08 de agosto de 1999 (coluna Dia-a-Dia, no Caderno C)
“Zunzum que ecoa da Várzea diz que o prefeito Roberto Magalhães ligou pessoalmente para o artista plástico Francisco Brennand, ontem, pedindo para que ele reconsiderasse sua decisão de não mais participar do projeto “Eu vi o mundo… Ele começava no Recife” e colocasse sua obra no Marco Zero. Ainda segundo rumores, quem atuou como bombeiro nessa “guerra” de fogo cruzado foi o presidente do TJPE, Etério Galvão.”
O repúdio do JC
10 de agosto de 1999 (Nota na editoria Política)
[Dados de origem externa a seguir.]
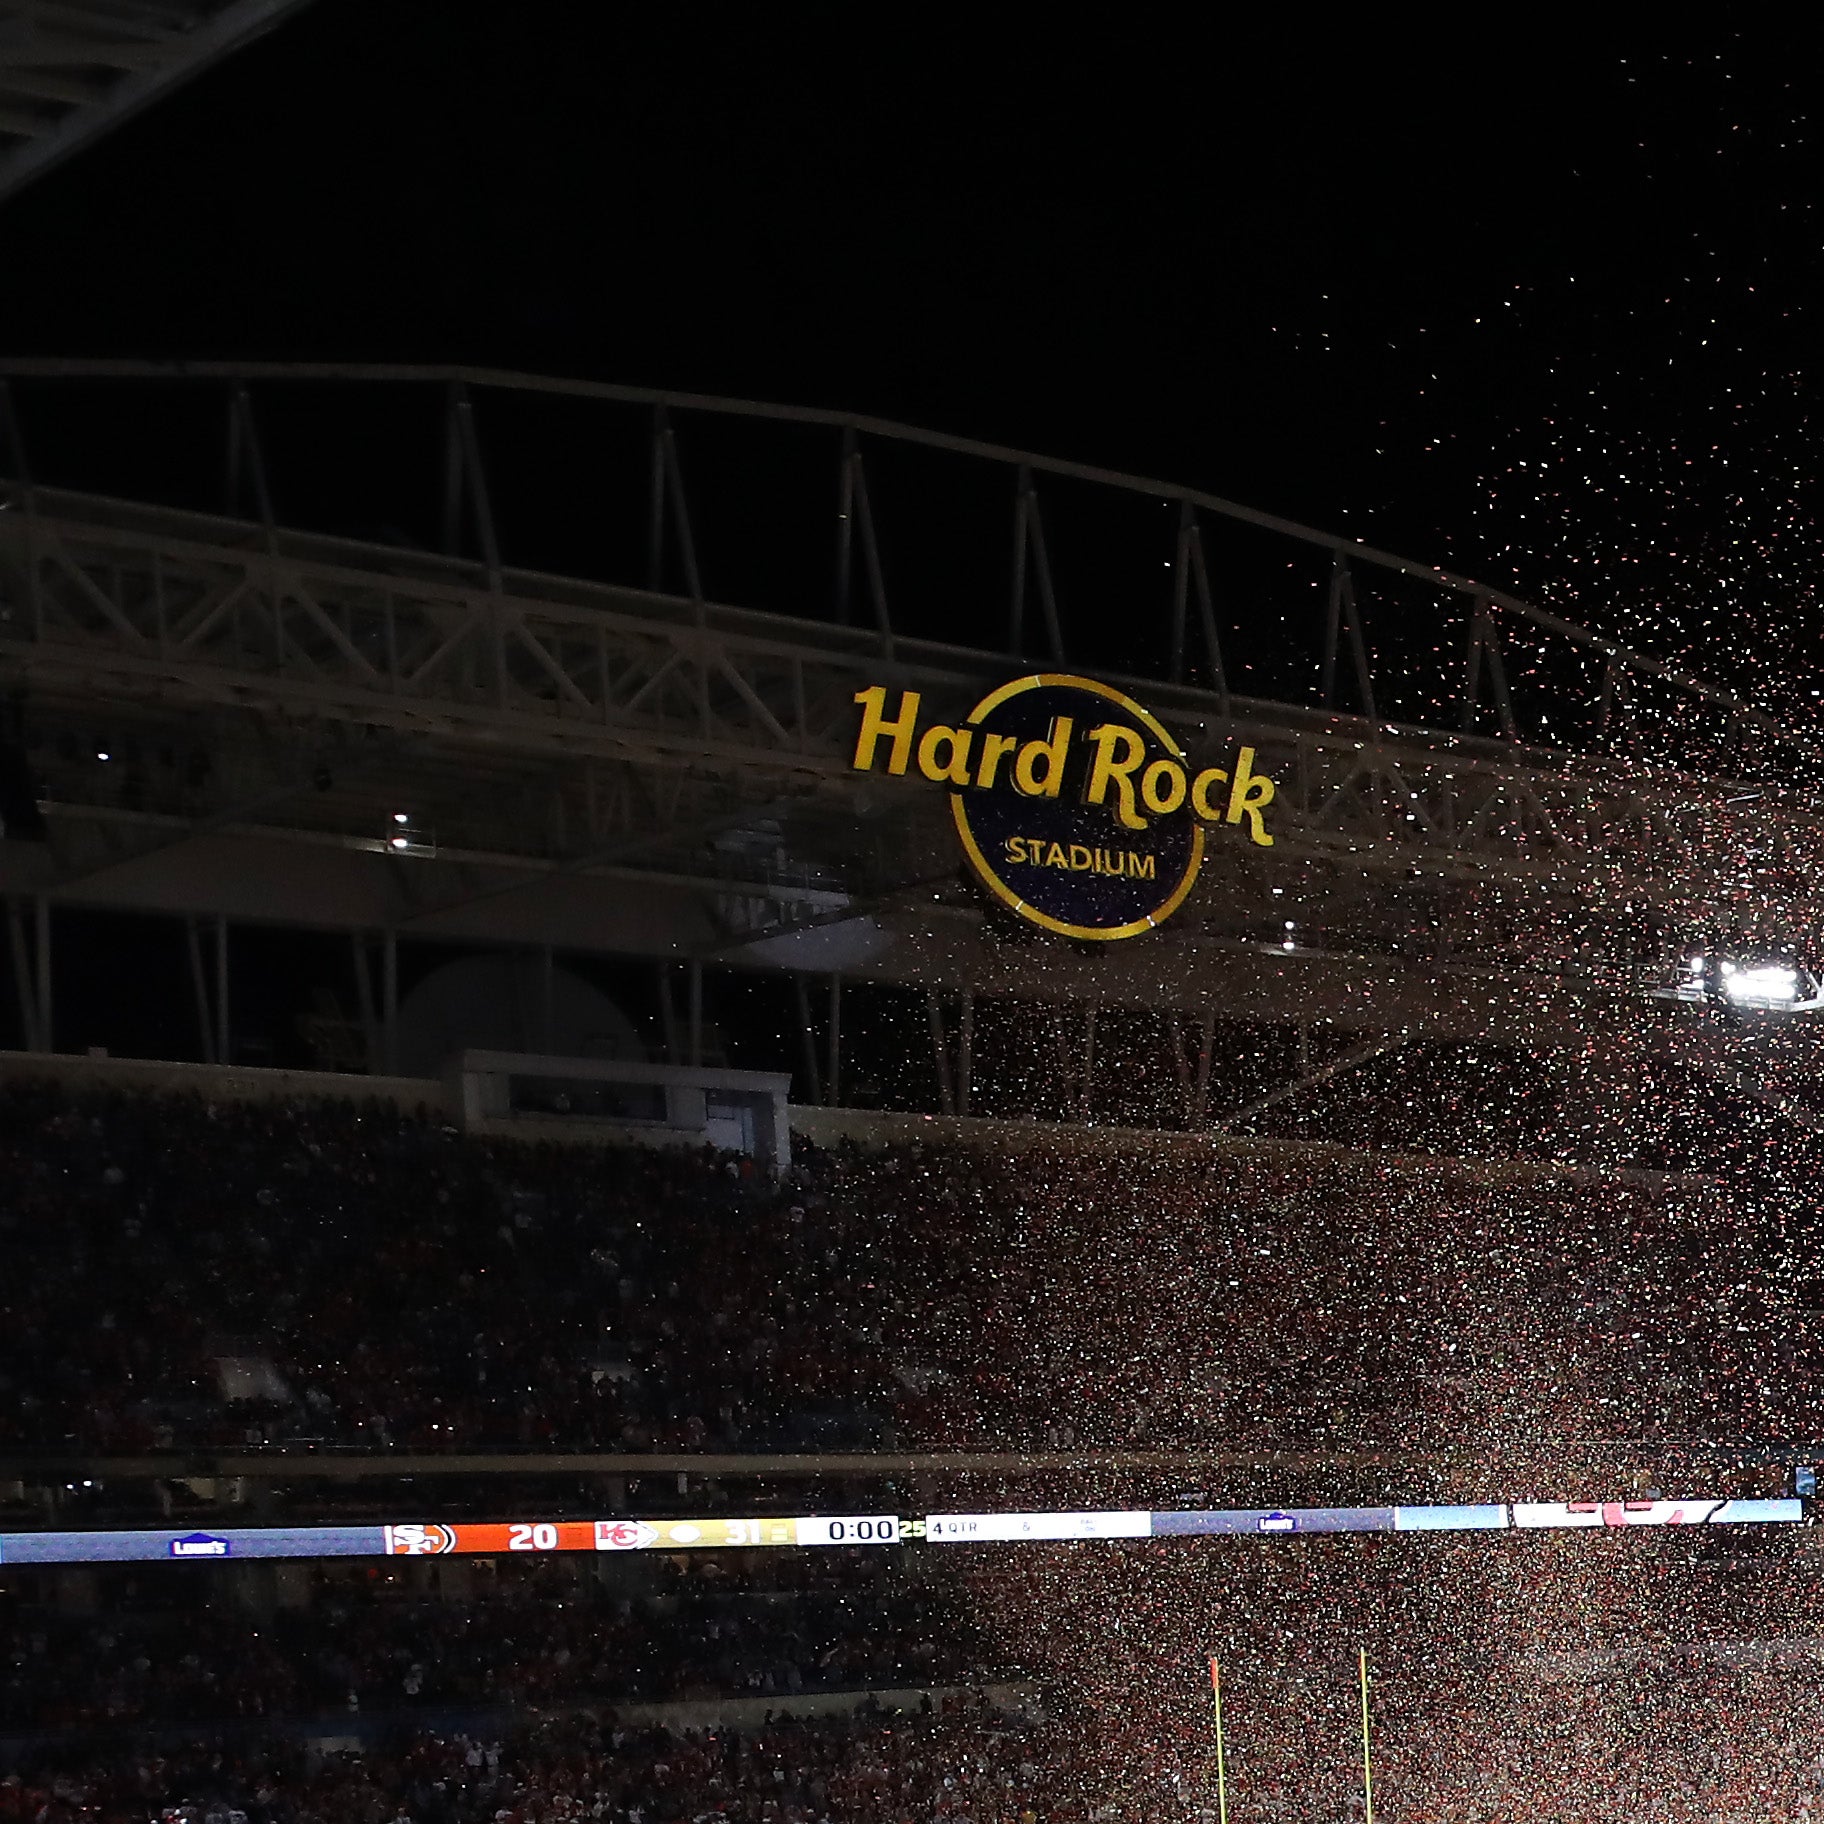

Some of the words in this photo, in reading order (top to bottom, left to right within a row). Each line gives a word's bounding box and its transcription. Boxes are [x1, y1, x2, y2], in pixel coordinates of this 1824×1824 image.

“O Jornal do Commercio e o Sindicato dos Jornalistas Profissionais de Pernambuco vêm, de público, lamentar a atitude do prefeito da cidade do Recife, Sr. Roberto Magalhães que, ontem à tarde, portando uma arma de fogo na cintura, entrou na redação do JC para reclamar da cobertura dada pela Imprensa à polêmica do Projeto ‘Eu vi o mundo…Ele começava no Recife.’ A atitude do prefeito, a quem o Jornal do Commercio e os jornalistas de Pernambuco sempre trataram de forma respeitosa, não condiz com sua história política (ex-deputado, ex-governador) e nem com as dos líderes políticos de Pernambuco. Tanto o Jornal do Commercio como os jornalistas pernambucanos não estão acostumados com esse tipo de comportamento, que em nada ajuda na construção da democracia. E, por isso, esperam continuar mantendo com o prefeito da cidade do Recife, como de resto com toda a sociedade, o diálogo e a relação sempre cordial e respeitosa, instrumentos únicos através dos quais vamos consolidando o processo democrático brasileiro, conquistado com o esforço de todos, inclusive da Imprensa.”
Um episódio que vale a pena ser resgatado e que, com certeza, há de proporcionar muito aprendizado a muita gente.